■ Work required ■
Drop the pictures from the entries below, then reproduce the rest exactly.

■ Phrase grounding data ■
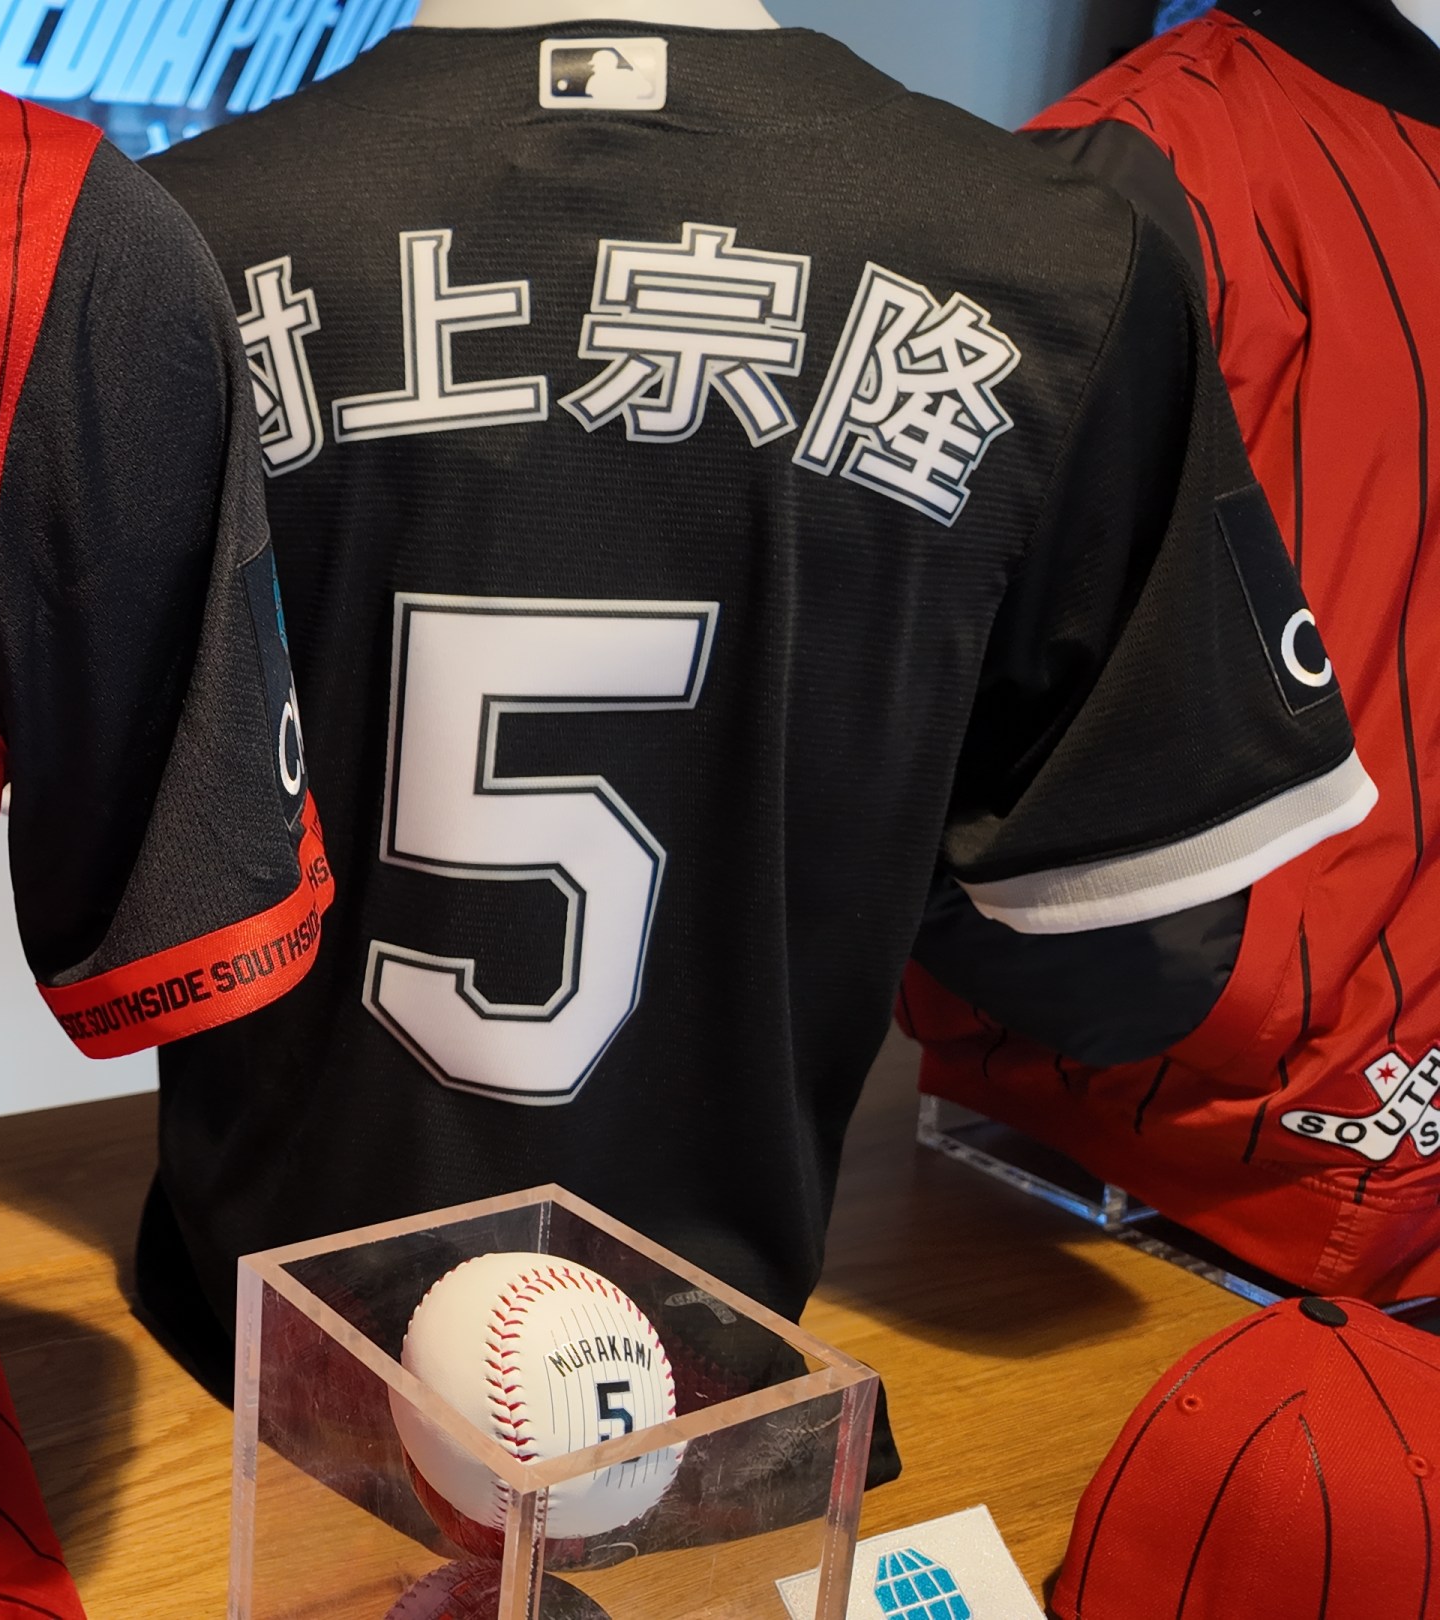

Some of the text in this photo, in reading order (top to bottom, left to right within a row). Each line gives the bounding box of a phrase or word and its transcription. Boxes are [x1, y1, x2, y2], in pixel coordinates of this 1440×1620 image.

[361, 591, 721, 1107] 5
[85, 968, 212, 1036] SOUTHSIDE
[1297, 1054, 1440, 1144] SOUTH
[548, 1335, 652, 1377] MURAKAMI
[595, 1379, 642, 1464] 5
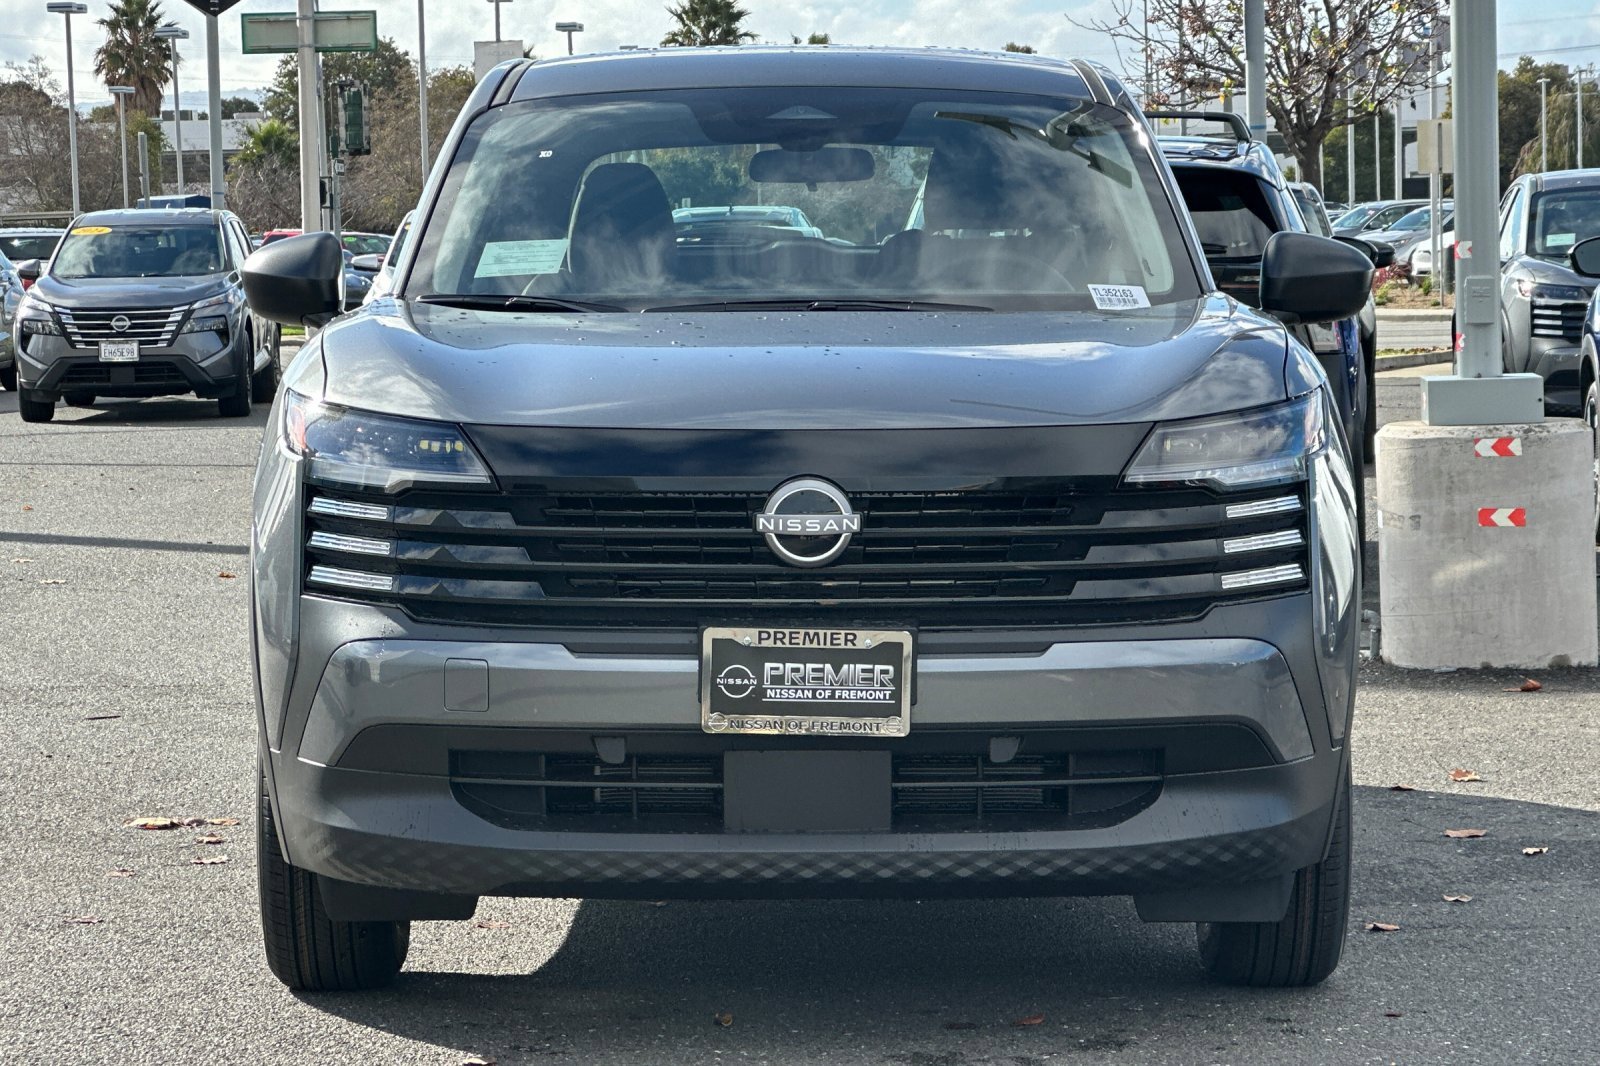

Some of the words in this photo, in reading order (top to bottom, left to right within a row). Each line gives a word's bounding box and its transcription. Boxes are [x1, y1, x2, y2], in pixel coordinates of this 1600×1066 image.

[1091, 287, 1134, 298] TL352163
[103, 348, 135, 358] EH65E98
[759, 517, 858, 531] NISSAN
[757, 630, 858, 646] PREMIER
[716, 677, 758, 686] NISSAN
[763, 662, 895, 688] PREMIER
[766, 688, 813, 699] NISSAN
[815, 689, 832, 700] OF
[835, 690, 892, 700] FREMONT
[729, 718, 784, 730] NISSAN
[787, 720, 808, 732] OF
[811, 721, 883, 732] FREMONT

■ Output ■
Some of the text in this photo, in reading order (top to bottom, left to right within a row). Each line gives the bounding box of a phrase or word and its transcription. Boxes are [x1, y1, x2, y2], in pixel coordinates of this 1440×1620 image.

[361, 591, 721, 1107] 5
[85, 968, 212, 1036] SOUTHSIDE
[1297, 1054, 1440, 1144] SOUTH
[548, 1335, 652, 1377] MURAKAMI
[595, 1379, 642, 1464] 5

Some of the words in this photo, in reading order (top to bottom, left to right within a row). Each line gives a word's bounding box and its transcription. Boxes are [x1, y1, x2, y2], in pixel coordinates of this 1600×1066 image.

[1091, 287, 1134, 298] TL352163
[103, 348, 135, 358] EH65E98
[759, 517, 858, 531] NISSAN
[757, 630, 858, 646] PREMIER
[716, 677, 758, 686] NISSAN
[763, 662, 895, 688] PREMIER
[766, 688, 813, 699] NISSAN
[815, 689, 832, 700] OF
[835, 690, 892, 700] FREMONT
[729, 718, 784, 730] NISSAN
[787, 720, 808, 732] OF
[811, 721, 883, 732] FREMONT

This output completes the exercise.